Aerial Detection

Detect drones, controllers, and OpenDroneID broadcasts with sequential Wi-Fi/BLE sweeps.

GhostESP’s aerial detector watches both Wi-Fi and BLE airspace to find Remote ID beacons, DJI links, and drone-branded networks. It alternates radios so scans run reliably on every ESP32 board.

Overview

  • Phase 1 – Wi-Fi sniffing: Promiscuous capture with channel hopping looks for OpenDroneID NAN frames, DJI OUIs, and drone SSIDs.
  • Phase 2 – BLE scanning: Wi-Fi is suspended so BLE can search for OpenDroneID (UUID 0xFFFA) and DJI advertisements (UUID 0xFFE0).
  • Automatic recovery: When BLE stops, GhostNet AP and STA sessions return without user interaction.

Prerequisites

  • ESP32 board with both Wi-Fi and BLE (ESP32-S2 can only run Wi-Fi phase).
  • Latest GhostESP firmware with aerial detector enabled.
  • Serial, GhostLink display, or WebUI terminal access.
  • Optional GPS for pairing detections with coordinates.

How to Use

Via Terminal

  1. Scan for aerial devices (default 30 seconds):
    aerialscan 30
    
  2. Review captured drones:
    aeriallist
    
  3. Track one device by index or MAC:
    aerialtrack 0
    
  4. Stop scanning or tracking at any time:
    aerialstop
    

Via Display

  1. Open the on-device BLE menu.
  2. Select Aerial Detector.
  3. Choose an action such as Scan Aerial Devices, List Aerial Devices, or Track Aerial Device.
  4. Wait for the command to finish in the terminal pane, then review the results card.
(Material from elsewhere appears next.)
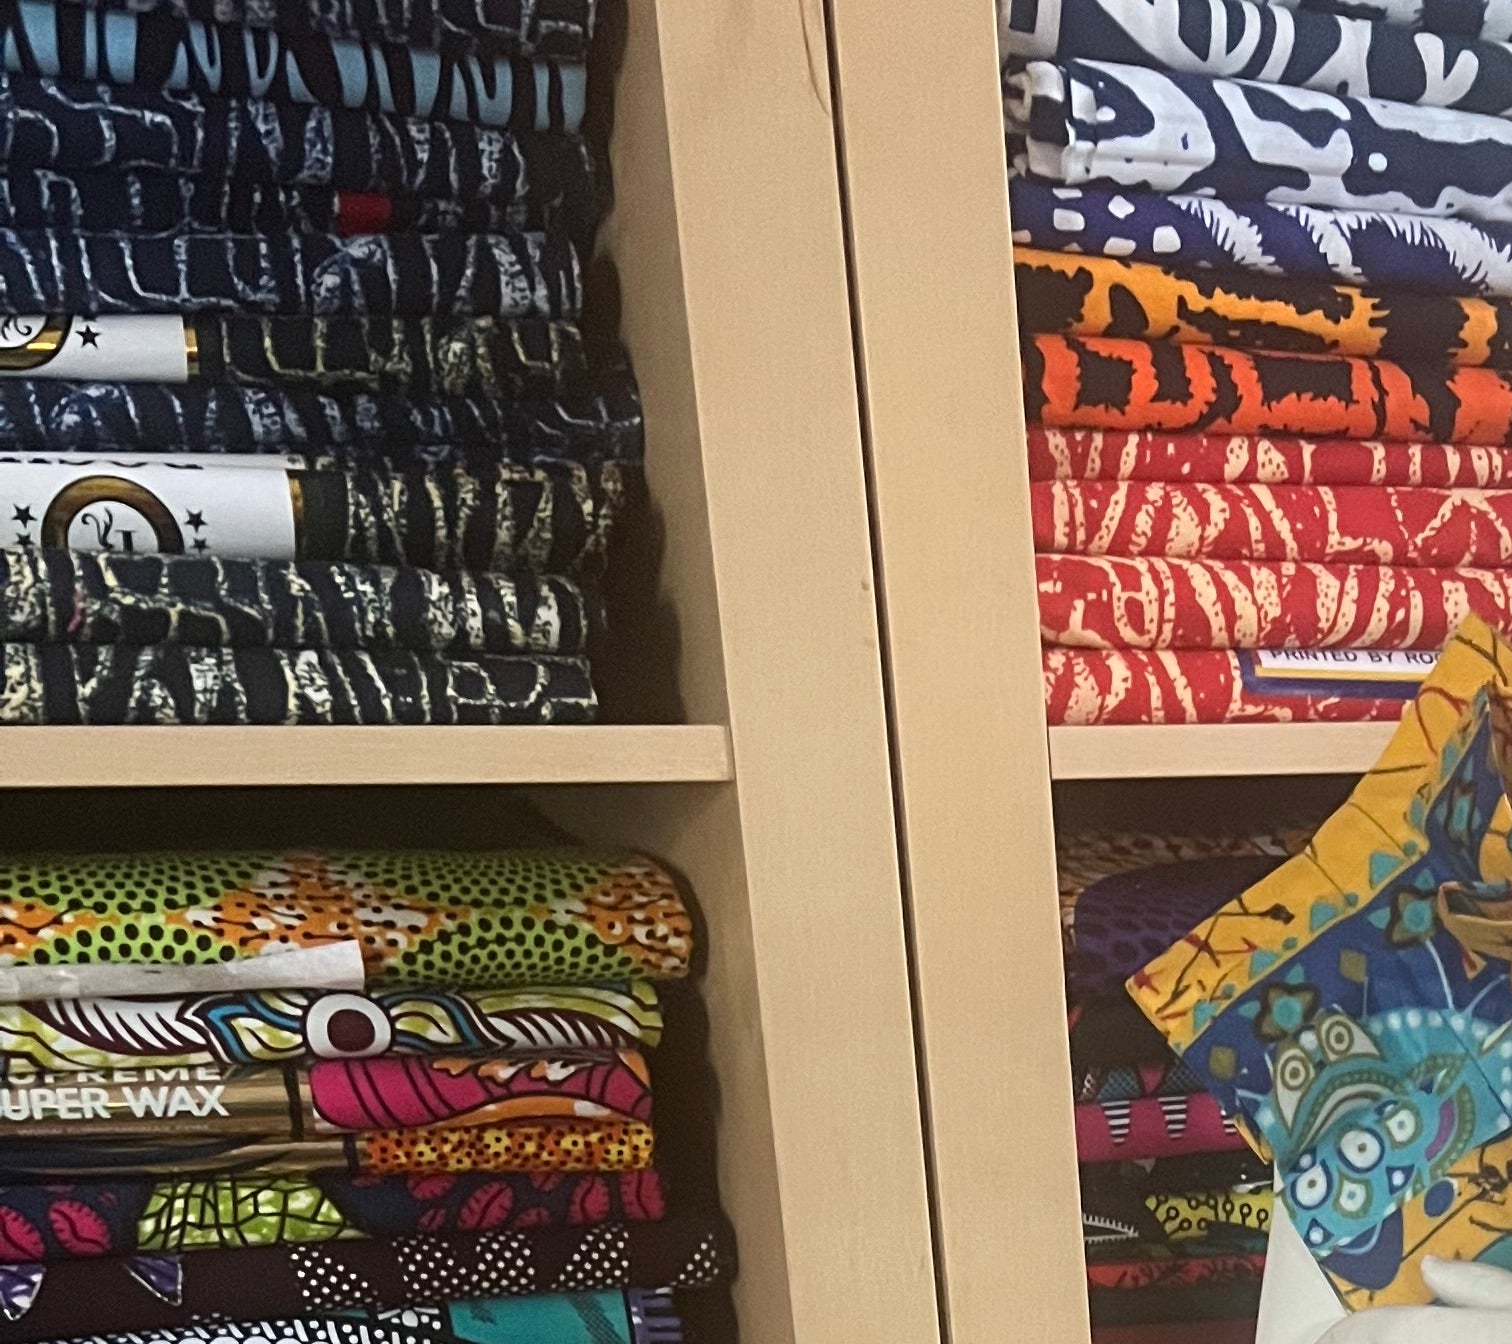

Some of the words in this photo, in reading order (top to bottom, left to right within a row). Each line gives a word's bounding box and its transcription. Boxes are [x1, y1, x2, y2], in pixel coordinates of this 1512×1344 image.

[1369, 651, 1393, 664] BY
[0, 1086, 112, 1121] UPER
[121, 1085, 231, 1118] WAX
Note for Flipper app: The Aerial Detector submenu is under the Wi-Fi category (not BLE) in the Flipper UI. On-device displays keep it under BLE.

What Gets Detected

  • OpenDroneID Remote ID (ASTM F3411) — Wi-Fi NAN frames and BLE service 0xFFFA decode BasicID, Location, System, SelfID, and OperatorID messages.
  • DJI protocols — MAC OUI matching and BLE service 0xFFE0 flag Mavic, Phantom, Inspire, and other DJI links.
  • Drone SSIDs — Pattern matching for DJI, Parrot, Autel, Skydio, and FPV networks.
  • Telemetry frameworks — Optional MAVLink, FrSky Sport, and CRSF signatures when UART monitoring is enabled.

Each device record stores MAC, vendor, RSSI, GPS/altitude (if broadcast), operator position, and flight status so you can triage real aircraft versus test spoofers.

Spoofing Remote ID for Testing

Use the spoof workflow to broadcast a test drone and confirm your detector (or another receiver) reacts:

aerialspoof DRONE-TEST 37.7749 -122.4194 120
  • Sends alternating BasicID and Location frames once per second.
  • Wi-Fi remains suspended until you run aerialspoofstop.
  • Pair a second GhostESP, run aerialscan, and verify it lists DRONE-TEST.

Troubleshooting

  • “Wi-Fi suspended” message: Normal during BLE phase or spoofing. It clears after the command finishes or you run aerialstop.
  • No detections: Increase scan time (aerialscan 60) so each phase lasts longer, or move closer to the suspected drone.
  • ESP32-S2 board: Only Wi-Fi detections work; BLE phase is skipped.